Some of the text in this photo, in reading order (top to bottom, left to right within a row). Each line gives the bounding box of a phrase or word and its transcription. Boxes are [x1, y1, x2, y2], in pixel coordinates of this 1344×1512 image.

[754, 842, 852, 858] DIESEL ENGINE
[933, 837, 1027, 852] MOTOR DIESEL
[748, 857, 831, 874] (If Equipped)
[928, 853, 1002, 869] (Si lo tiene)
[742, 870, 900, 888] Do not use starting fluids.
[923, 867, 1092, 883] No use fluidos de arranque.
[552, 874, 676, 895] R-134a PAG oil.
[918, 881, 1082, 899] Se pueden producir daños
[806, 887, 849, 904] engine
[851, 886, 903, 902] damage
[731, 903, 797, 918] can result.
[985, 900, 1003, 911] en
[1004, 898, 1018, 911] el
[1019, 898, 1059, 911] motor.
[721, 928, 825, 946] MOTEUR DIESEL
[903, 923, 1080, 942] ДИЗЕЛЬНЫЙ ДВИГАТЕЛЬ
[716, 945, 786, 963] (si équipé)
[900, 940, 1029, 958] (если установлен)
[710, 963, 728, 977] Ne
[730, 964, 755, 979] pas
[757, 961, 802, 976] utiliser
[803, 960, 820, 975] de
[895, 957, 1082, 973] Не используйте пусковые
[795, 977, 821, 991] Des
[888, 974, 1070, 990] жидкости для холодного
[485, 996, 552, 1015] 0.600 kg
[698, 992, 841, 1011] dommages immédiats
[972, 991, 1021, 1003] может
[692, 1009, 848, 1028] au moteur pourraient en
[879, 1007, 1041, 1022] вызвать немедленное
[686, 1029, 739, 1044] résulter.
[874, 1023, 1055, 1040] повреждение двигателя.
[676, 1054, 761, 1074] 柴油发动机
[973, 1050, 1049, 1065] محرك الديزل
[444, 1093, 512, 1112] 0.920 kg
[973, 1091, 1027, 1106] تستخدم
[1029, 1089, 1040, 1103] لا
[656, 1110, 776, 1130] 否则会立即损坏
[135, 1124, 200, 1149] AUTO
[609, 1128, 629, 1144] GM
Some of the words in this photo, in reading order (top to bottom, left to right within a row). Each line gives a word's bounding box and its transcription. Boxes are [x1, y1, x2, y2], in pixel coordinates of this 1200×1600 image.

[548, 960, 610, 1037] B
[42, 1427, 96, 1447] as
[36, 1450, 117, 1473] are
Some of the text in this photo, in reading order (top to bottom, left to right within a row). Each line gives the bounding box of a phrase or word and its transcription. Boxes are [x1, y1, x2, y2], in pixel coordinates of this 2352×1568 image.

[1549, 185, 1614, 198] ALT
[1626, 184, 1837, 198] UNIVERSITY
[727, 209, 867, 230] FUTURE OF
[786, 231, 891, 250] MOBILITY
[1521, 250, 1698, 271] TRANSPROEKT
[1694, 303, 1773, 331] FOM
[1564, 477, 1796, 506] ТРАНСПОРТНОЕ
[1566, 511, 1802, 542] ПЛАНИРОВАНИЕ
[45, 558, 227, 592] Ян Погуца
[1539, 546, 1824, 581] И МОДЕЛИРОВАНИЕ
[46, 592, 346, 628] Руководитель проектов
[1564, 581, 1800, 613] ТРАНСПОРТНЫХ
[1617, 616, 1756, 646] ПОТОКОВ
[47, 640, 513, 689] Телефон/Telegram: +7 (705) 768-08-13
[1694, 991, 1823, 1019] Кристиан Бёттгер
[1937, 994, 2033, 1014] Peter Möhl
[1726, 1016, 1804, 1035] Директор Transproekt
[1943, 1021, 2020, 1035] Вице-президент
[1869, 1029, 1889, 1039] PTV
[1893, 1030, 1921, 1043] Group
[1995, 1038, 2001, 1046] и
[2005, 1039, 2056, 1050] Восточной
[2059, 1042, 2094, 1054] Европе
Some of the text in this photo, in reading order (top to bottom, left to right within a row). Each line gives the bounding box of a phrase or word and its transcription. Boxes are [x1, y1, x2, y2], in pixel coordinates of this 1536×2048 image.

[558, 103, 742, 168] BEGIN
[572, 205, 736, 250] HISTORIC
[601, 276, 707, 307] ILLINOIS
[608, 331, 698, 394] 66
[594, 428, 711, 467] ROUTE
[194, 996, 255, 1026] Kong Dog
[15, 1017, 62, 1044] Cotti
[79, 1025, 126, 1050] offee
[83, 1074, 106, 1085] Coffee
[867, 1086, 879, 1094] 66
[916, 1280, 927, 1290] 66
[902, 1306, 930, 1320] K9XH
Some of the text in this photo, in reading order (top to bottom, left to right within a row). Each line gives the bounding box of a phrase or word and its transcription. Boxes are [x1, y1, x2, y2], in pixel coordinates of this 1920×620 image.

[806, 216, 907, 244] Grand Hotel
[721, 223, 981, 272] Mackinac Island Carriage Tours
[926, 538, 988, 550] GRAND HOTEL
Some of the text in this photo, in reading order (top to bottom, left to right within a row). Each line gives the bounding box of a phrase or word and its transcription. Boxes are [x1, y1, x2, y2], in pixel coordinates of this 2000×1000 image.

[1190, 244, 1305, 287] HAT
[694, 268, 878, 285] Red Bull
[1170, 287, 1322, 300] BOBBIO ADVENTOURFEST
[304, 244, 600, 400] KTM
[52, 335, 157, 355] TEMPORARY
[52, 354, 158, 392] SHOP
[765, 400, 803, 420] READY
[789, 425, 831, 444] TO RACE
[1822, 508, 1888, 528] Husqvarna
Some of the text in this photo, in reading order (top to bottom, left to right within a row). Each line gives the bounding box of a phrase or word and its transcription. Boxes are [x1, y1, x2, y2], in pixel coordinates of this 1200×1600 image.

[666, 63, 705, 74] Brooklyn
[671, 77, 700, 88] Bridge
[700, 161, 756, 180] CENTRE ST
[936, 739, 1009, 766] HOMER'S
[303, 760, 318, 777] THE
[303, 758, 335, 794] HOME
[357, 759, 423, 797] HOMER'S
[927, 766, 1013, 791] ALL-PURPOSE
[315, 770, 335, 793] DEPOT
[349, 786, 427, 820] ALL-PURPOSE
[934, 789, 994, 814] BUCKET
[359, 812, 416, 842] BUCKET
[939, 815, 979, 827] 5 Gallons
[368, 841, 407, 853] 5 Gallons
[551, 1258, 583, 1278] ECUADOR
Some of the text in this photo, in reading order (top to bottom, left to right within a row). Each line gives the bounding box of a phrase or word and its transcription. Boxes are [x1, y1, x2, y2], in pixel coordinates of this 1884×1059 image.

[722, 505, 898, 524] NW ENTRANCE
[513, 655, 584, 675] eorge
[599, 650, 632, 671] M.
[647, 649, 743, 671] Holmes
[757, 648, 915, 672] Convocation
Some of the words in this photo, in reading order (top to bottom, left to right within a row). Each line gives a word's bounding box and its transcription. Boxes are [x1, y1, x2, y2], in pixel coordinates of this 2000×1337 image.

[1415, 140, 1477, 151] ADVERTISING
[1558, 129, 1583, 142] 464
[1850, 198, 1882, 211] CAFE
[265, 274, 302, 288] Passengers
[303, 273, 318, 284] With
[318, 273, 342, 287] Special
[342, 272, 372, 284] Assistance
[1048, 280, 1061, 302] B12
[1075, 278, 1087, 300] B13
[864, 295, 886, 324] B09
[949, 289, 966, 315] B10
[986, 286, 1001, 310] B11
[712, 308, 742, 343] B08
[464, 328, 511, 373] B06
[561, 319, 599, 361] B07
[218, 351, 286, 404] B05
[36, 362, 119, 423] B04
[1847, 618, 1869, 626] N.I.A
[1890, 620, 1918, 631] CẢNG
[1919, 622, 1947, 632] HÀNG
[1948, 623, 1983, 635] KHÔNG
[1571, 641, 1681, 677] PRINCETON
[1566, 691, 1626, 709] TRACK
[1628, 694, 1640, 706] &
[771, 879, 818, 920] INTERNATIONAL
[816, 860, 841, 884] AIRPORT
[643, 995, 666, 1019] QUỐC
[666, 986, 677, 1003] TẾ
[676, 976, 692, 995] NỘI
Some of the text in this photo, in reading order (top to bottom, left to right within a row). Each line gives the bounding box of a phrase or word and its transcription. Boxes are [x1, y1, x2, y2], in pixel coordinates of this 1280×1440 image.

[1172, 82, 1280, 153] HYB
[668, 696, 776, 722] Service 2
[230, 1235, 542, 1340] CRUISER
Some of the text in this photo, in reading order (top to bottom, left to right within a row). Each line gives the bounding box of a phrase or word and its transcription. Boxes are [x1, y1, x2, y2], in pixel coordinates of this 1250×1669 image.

-=-=-

## About this task
Copy, without any change, the lines from the one that contains "this 2000×1337 image." to the final line of the entries above.

## Response to the exercise
Some of the words in this photo, in reading order (top to bottom, left to right within a row). Each line gives a word's bounding box and its transcription. Boxes are [x1, y1, x2, y2], in pixel coordinates of this 2000×1337 image.

[1415, 140, 1477, 151] ADVERTISING
[1558, 129, 1583, 142] 464
[1850, 198, 1882, 211] CAFE
[265, 274, 302, 288] Passengers
[303, 273, 318, 284] With
[318, 273, 342, 287] Special
[342, 272, 372, 284] Assistance
[1048, 280, 1061, 302] B12
[1075, 278, 1087, 300] B13
[864, 295, 886, 324] B09
[949, 289, 966, 315] B10
[986, 286, 1001, 310] B11
[712, 308, 742, 343] B08
[464, 328, 511, 373] B06
[561, 319, 599, 361] B07
[218, 351, 286, 404] B05
[36, 362, 119, 423] B04
[1847, 618, 1869, 626] N.I.A
[1890, 620, 1918, 631] CẢNG
[1919, 622, 1947, 632] HÀNG
[1948, 623, 1983, 635] KHÔNG
[1571, 641, 1681, 677] PRINCETON
[1566, 691, 1626, 709] TRACK
[1628, 694, 1640, 706] &
[771, 879, 818, 920] INTERNATIONAL
[816, 860, 841, 884] AIRPORT
[643, 995, 666, 1019] QUỐC
[666, 986, 677, 1003] TẾ
[676, 976, 692, 995] NỘI
Some of the text in this photo, in reading order (top to bottom, left to right within a row). Each line gives the bounding box of a phrase or word and its transcription. Boxes are [x1, y1, x2, y2], in pixel coordinates of this 1280×1440 image.

[1172, 82, 1280, 153] HYB
[668, 696, 776, 722] Service 2
[230, 1235, 542, 1340] CRUISER
Some of the text in this photo, in reading order (top to bottom, left to right within a row). Each line gives the bounding box of a phrase or word and its transcription. Boxes are [x1, y1, x2, y2], in pixel coordinates of this 1250×1669 image.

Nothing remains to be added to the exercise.